Armchair
Attributed to Peter Behrens
Solid cherry wood, solid palisander and veneer, beech veneer, original spring upholstery with horse hair wadding and cotton damask cover in blush pink and gold with brass studs. H 92, W 60, D 63 cm.
Produced by Heinrich Julius Glückert in Darmstadt, around 1900 (1902?), textile design by Franz von Stuck.
The armchair is a variant of the furniture Peter Behrens designed for the library of his own house in Darmstadt in 1901/1902. This room, "one of the most publicized interiors of the early 20th century" (Tilmann Buddensieg), represents a quantum leap in the design history of German furniture at the dawn of modern design, and this chair is one of the earliest radically modern pieces of seating furniture. The design has been intelligently reduced to its load-bearing and supportive function; there is not one superfluous element that could be dispensed with without compromising stability. The version shown here, attributed to the Heinrich Julius Glückert furniture factory, with its unusual palisander veneer strips, appears straighter, more static than the chair from the Behrens house, whose back rests on only one rear support, due to the two rear legs being raised to form the backrest.
Provenance
Probably originally made for Emil Möbus, Wiesbaden.
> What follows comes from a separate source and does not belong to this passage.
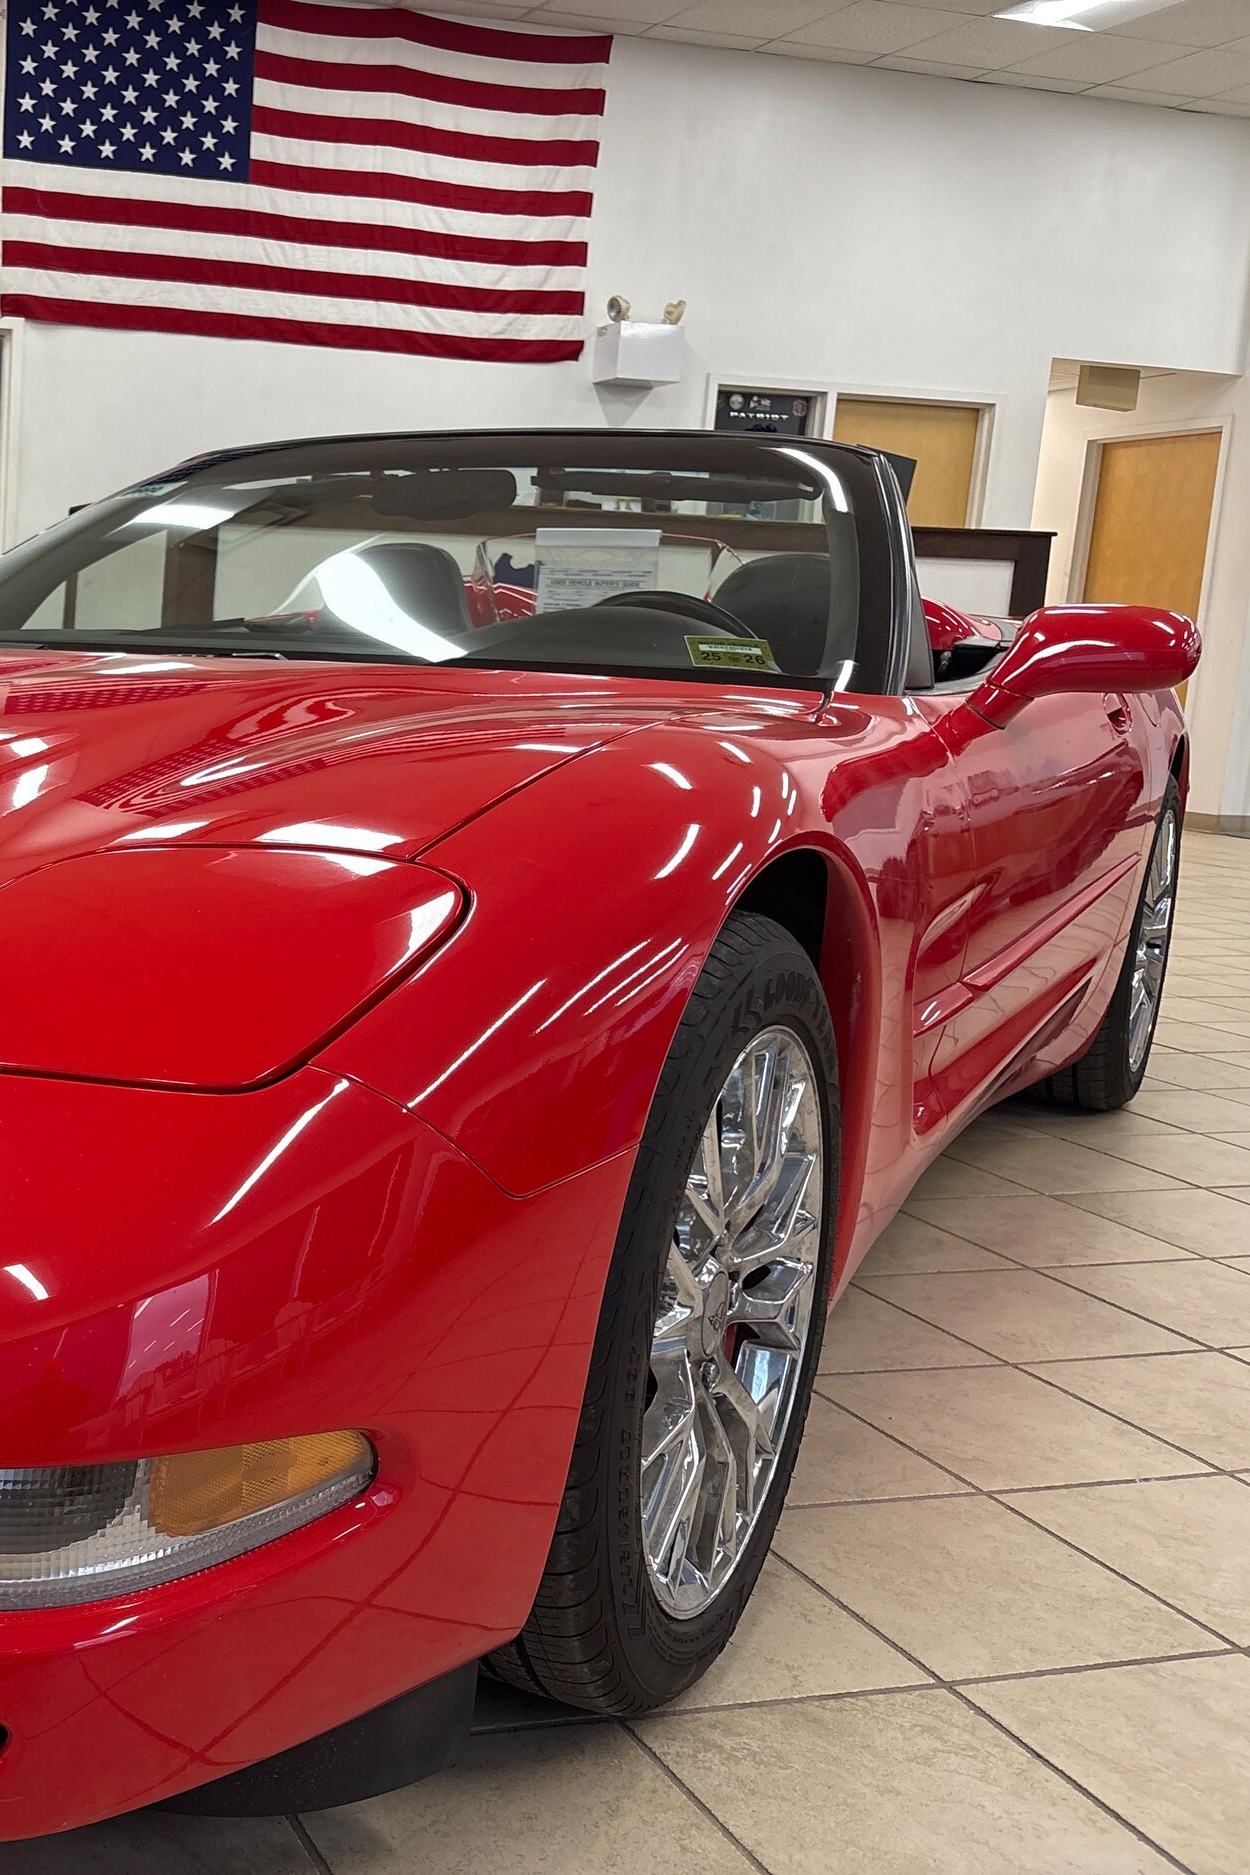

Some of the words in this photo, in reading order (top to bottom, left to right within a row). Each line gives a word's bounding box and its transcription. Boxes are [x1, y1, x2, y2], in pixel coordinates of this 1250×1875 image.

From an important European private collection.
Literature
Cf. Breysig, Das Haus Peter Behrens: mit einem Versuch über Kunst und Leben, Darmstadt 1902, p. 56 and 144.
Cf. cat. Peter Behrens und Nürnberg, Nuremberg 1980, cat. no. 134.
For the covers compare a pair of armchairs by Franz von Stuck (inv. no. M 91 1-9,1) in the Villa Stuck in Munich, around 1897/98.